Exercise objective:
With the line that contains "this 1600×1200 image." as the first line, output exactly every line through the end of the material.

Data provided:
--- START ---

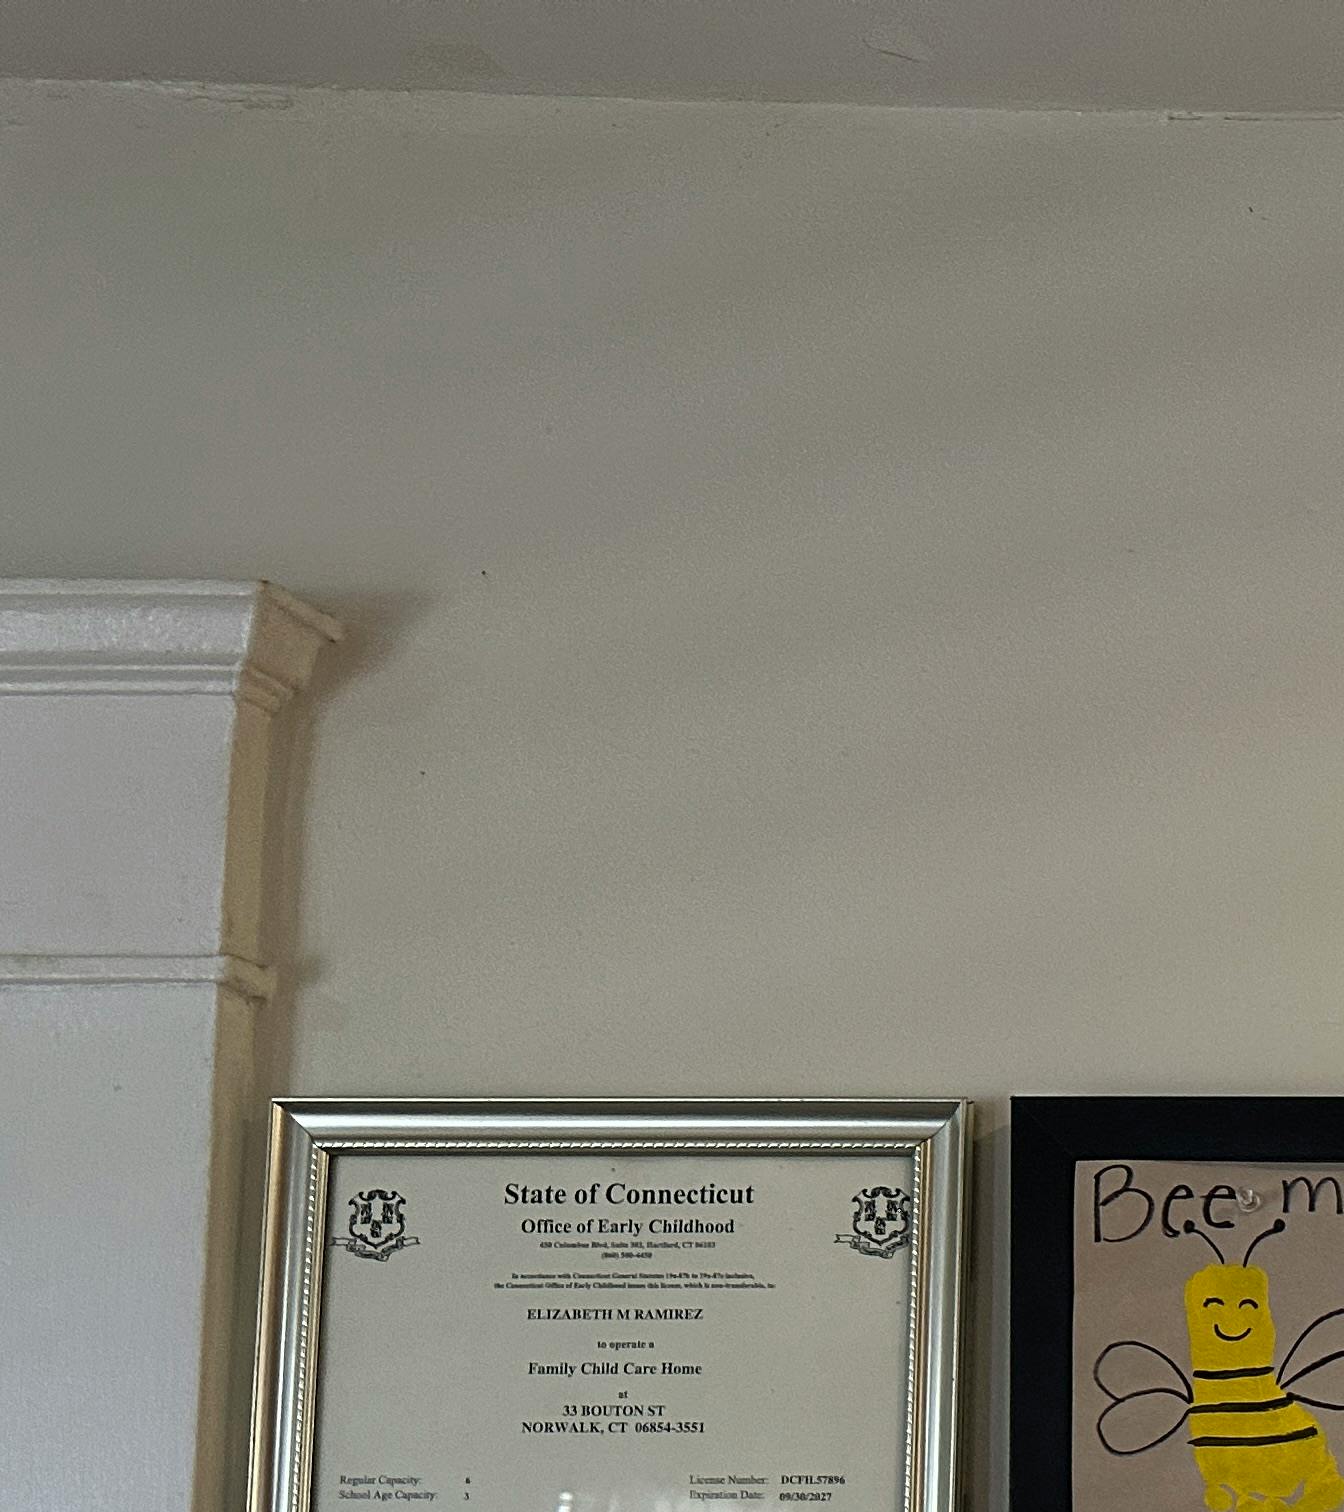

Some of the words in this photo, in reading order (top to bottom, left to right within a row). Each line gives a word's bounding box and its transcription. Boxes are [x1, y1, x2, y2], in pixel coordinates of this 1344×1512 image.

[504, 1182, 567, 1205] State
[574, 1182, 601, 1205] of
[605, 1182, 755, 1205] Connecticut
[1094, 1164, 1236, 1245] Bee
[521, 1218, 572, 1234] Office
[576, 1218, 595, 1234] of
[597, 1218, 644, 1238] Early
[648, 1218, 735, 1234] Childhood
[527, 1308, 613, 1321] ELIZABETH
[616, 1308, 630, 1321] M
[634, 1308, 704, 1320] RAMIREZ
[528, 1361, 577, 1378] Family
[580, 1361, 619, 1376] Child
[623, 1362, 657, 1375] Care
[661, 1362, 703, 1375] Home
[562, 1404, 578, 1417] 33
[581, 1404, 644, 1417] BOUTON
[647, 1405, 666, 1417] ST
[521, 1421, 605, 1435] NORWALK,
[607, 1421, 629, 1434] CT
[634, 1421, 705, 1434] 06854-3551
[689, 1474, 726, 1485] License
[727, 1474, 769, 1485] Number:
[689, 1489, 739, 1502] Expiration
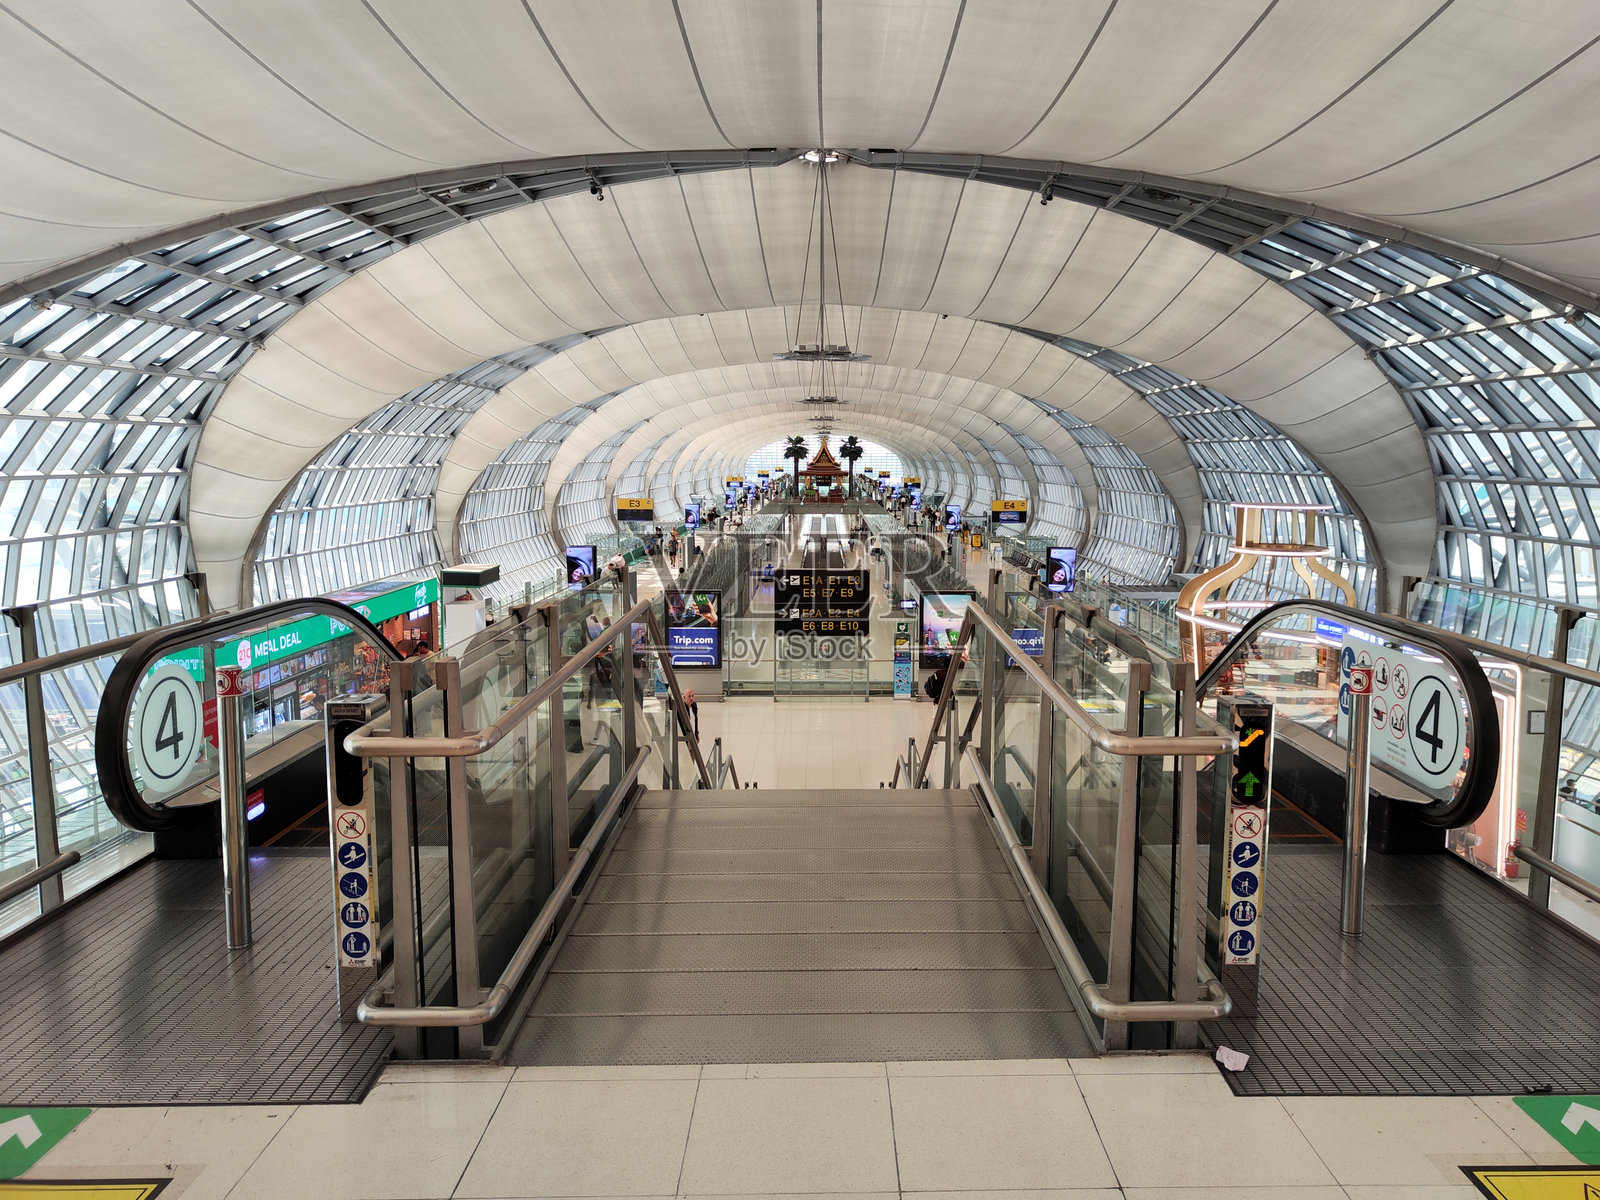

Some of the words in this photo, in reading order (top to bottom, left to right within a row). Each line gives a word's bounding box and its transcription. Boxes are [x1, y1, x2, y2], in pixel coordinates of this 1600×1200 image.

[629, 500, 640, 508] E3
[1004, 502, 1015, 510] E4
[802, 576, 823, 585] E1A
[829, 576, 840, 585] E1
[848, 576, 860, 585] E3
[803, 589, 816, 597] E5
[822, 589, 835, 597] E7
[841, 589, 853, 597] E9
[802, 609, 822, 618] E2A
[828, 609, 841, 618] E2
[847, 609, 860, 618] E4
[802, 622, 815, 630] E6
[821, 622, 834, 630] E8
[840, 622, 859, 630] E10
[254, 638, 279, 658] MEAL
[280, 631, 302, 650] DEAL
[674, 635, 714, 645] Trip.com
[156, 690, 184, 760] 4
[1416, 689, 1443, 764] 4

--- END ---

Result of this task:
Some of the words in this photo, in reading order (top to bottom, left to right within a row). Each line gives a word's bounding box and its transcription. Boxes are [x1, y1, x2, y2], in pixel coordinates of this 1600×1200 image.

[629, 500, 640, 508] E3
[1004, 502, 1015, 510] E4
[802, 576, 823, 585] E1A
[829, 576, 840, 585] E1
[848, 576, 860, 585] E3
[803, 589, 816, 597] E5
[822, 589, 835, 597] E7
[841, 589, 853, 597] E9
[802, 609, 822, 618] E2A
[828, 609, 841, 618] E2
[847, 609, 860, 618] E4
[802, 622, 815, 630] E6
[821, 622, 834, 630] E8
[840, 622, 859, 630] E10
[254, 638, 279, 658] MEAL
[280, 631, 302, 650] DEAL
[674, 635, 714, 645] Trip.com
[156, 690, 184, 760] 4
[1416, 689, 1443, 764] 4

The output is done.